Despite this, net sales were up 0.7% to EUR710.8m.
- Grocery operations continue to perform well
- Creation of IZICO, integrating our frozen food business
- Execution of reorganisation progressing well
2012 was a turbulent year for the global economy. The Eurozone in particular witnessed much instability while low consumer confidence led to sluggish demand. The organic food market seemed almost untouched by these conditions, trending positively with mid-single digit growth.
2012 could be characterised as a challenging year for Wessanen as well. It was the first year of executing our three-year strategic objectives: managing topline growth, profitability improvement and enablers. We have made clear progress in numerous areas, however not all of our initiatives have resulted in the desired outcome. Consequently, we have launched a transformation process - Wessanen 2015 - to improve our focus and substantially reduce complexity.
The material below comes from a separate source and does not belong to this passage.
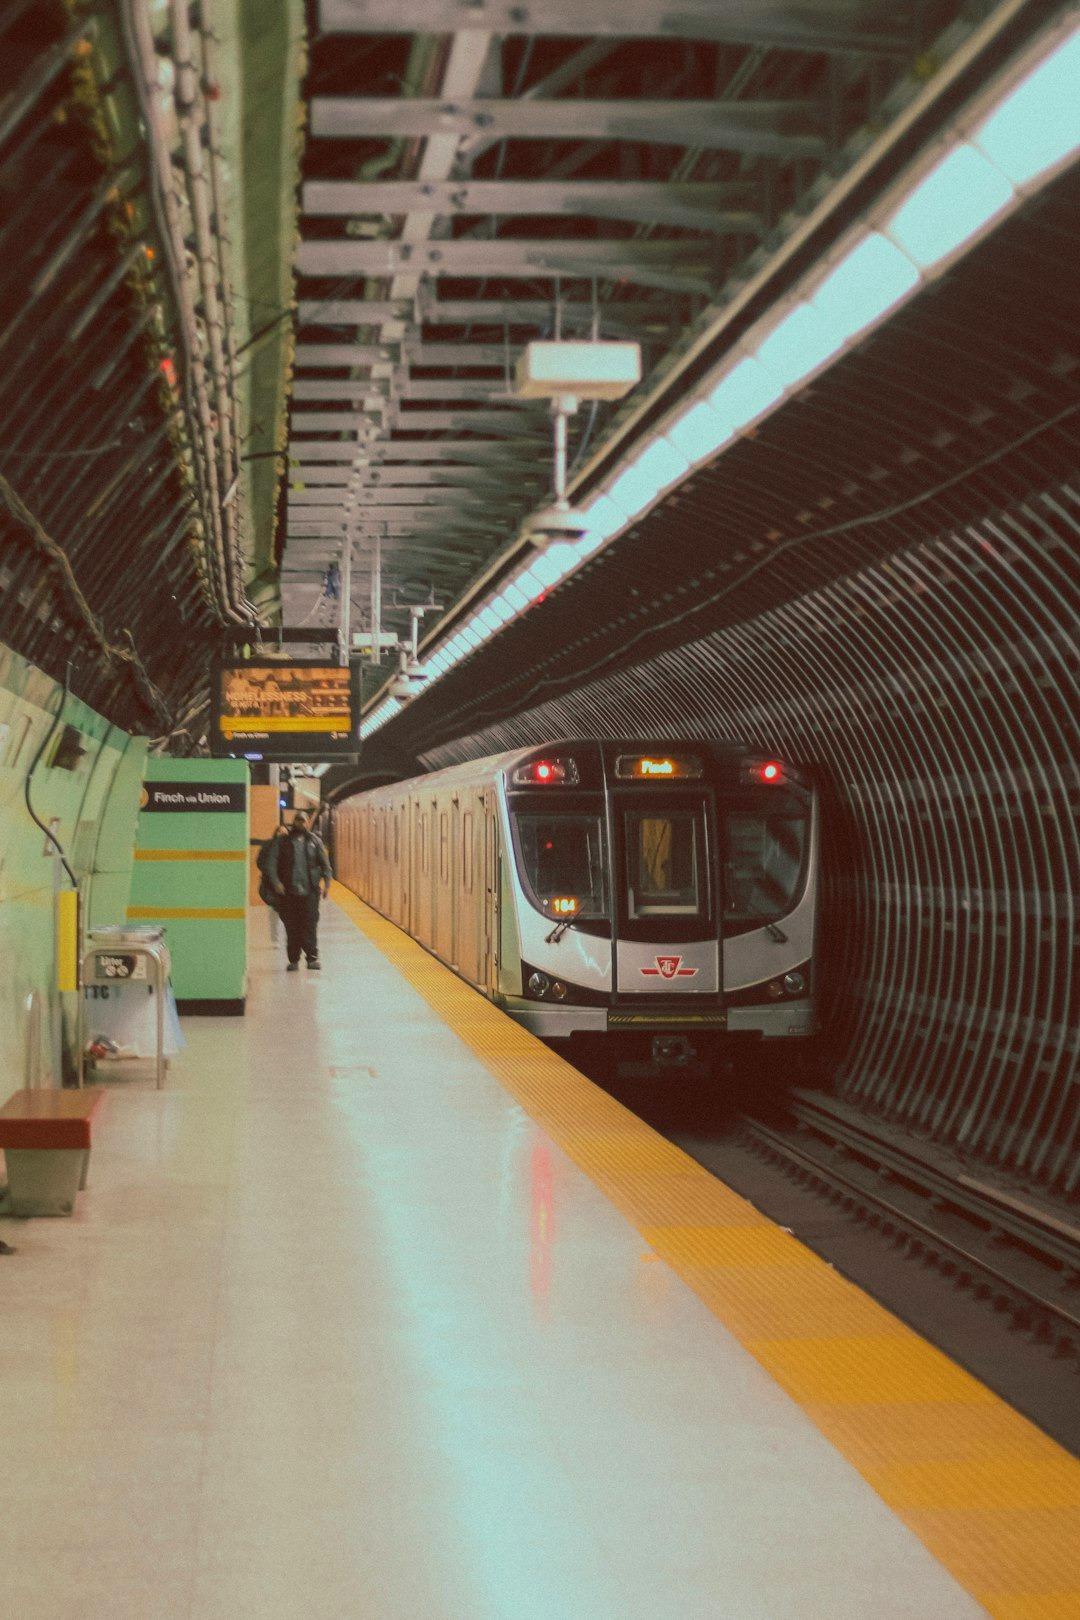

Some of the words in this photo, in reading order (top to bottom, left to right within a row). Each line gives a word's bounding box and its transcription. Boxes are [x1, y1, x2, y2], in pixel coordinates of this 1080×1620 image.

The grocery channel was once again the driving force behind the growth of organic food. We achieved 4.6% organic growth in this channel with our core categories and brands in 2012. In the fourth quarter we realised 6.9% autonomous growth. Newly acquired Clipper showed a strong performance as well, posting 11% growth versus last year. The health food stores channel only grew modestly. Our HFS performance was disappointing, particularly due to our wholesale and distribution activities.
At Frozen Foods we are integrating under new leadership both businesses into one stronger company, newly named IZICO. A sharpened, focussed strategy will establish IZICO as a more profitable business by the end of 2013.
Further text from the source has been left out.